Headline

Transparansi data saham bakal diperkuat demi kerek bobot RI.

BPS: Nilai Ekspor 2025 Alami Kenaikan Didorong Nonmigas

Naufal Zuhdi
02/2/2026 14:38
BPS: Nilai Ekspor 2025 Alami Kenaikan Didorong Nonmigas
Perajin membuat produk mebel di Pasar Mebel Surakarta, Jebres, Solo, Jawa Tengah, Rabu (21/1/2026).(Antara/Maulana Surya)

BADAN Pusat Statistik (BPS) melaporkan kinerja ekspor Indonesia sepanjang Januari hingga Desember 2025 tercatat mencapai US$282,91 miliar atau mengalami kenaikan sebesar 6,15% dibandingkan dengan 2024 yang tercatat US$266,52 miliar.

Deputi Bidang Distribusi dan Jasa BPS, Ateng Hartono, mengungkapkan capaian ini terutama didorong oleh ekspor nonmigas yang tercatat mencapai US$269,84 miliar, naik 7,66% dibandingkan dengan 2024.

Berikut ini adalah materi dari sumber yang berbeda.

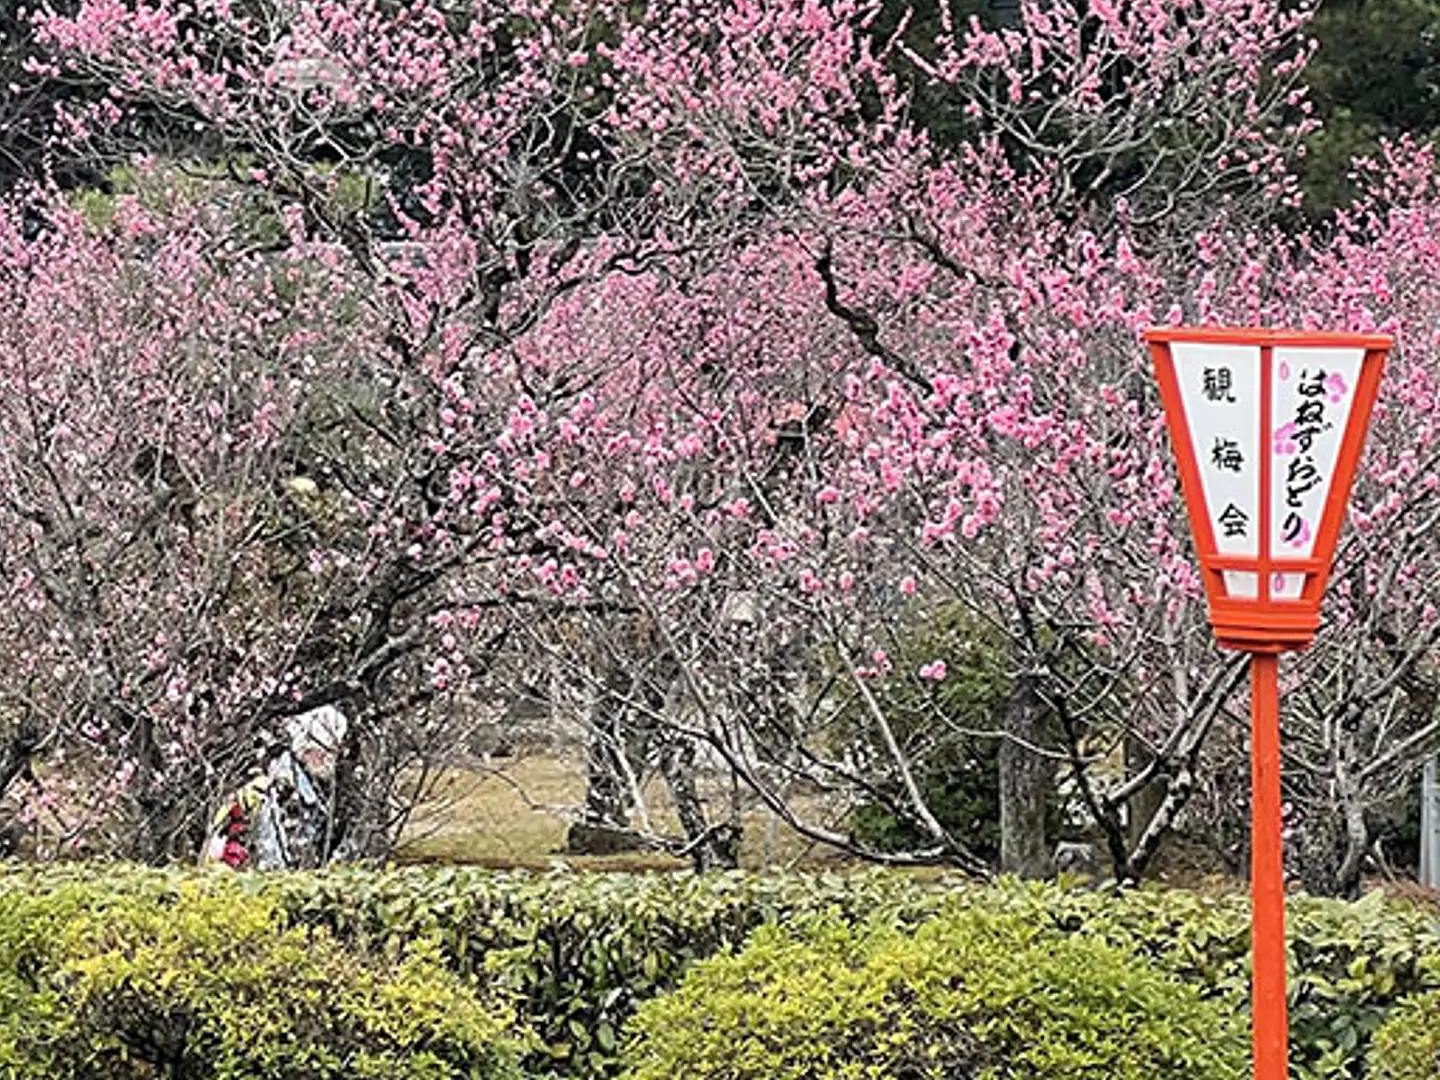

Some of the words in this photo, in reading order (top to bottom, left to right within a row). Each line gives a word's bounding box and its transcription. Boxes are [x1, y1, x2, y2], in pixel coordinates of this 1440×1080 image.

Sementara itu, ekspor migas tercatat sebesar US$13,07 miliar, turun 17,69% dibandingkan dengan periode yang sama tahun lalu.

"Sepanjang Januari hingga Desember 2025, total nilai ekspor Indonesia mencapai US$282,91 miliar atau naik 6,15 persen dibandingkan dengan tahun lalu," ujar Ateng Hartono dalam konferensi pers secara hibrida di kantor BPS pada Senin (2/2).

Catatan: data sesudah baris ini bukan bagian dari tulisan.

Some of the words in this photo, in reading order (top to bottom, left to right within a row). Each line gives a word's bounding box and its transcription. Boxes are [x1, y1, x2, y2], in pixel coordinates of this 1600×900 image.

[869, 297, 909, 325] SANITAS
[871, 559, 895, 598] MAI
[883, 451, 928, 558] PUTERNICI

Rincian Kinerja Ekspor Menurut Sektor

Ateng menyampaikan lebih lanjut bahwa ekspor nonmigas Indonesia terbagi dalam tiga kelompok sektor utama.

1. Sektor Pertanian, Kehutanan, dan Perikanan.

Sektor ini mencatatkan ekspor sebesar US$6,88 miliar AS pada 2025 dengan pertumbuhan yang cukup pesat, yaitu 21,01% dibandingkan dengan tahun sebelumnya.

2. Sektor Pertambangan dan Lainnya.

Ekspor sektor ini tercatat sebesar US$35,86 miliar pada 2025. Namun, sektor pertambangan mengalami penurunan yang cukup signifikan dengan kontraksi sebesar 23% dibandingkan dengan 2024.

3. Industri Pengolahan.

Industri pengolahan menjadi sector paling dominan dalam pendorong ekspor nonmigas. Sektor ini tercatat mencapai US$227,1 miliar pada 2025, dengan pertumbuhan yang solid sebesar 14,47% dibandingkan tahun sebelumnya. Ekspor industri pengolahan memberikan kontribusi signifikan terhadap total ekspor nonmigas dengan andil 10,77%.

"Komoditas yang mengalami lonjakan ekspor di sektor industri pengolahan antara lain minyak kelapa sawit, barang perhiasan, barang kimia dasar organik yang bersumber dari hasil pertanian, logam dasar bukan besi, serta semikonduktor dan komponen elektronik lainnya," tambah Ateng.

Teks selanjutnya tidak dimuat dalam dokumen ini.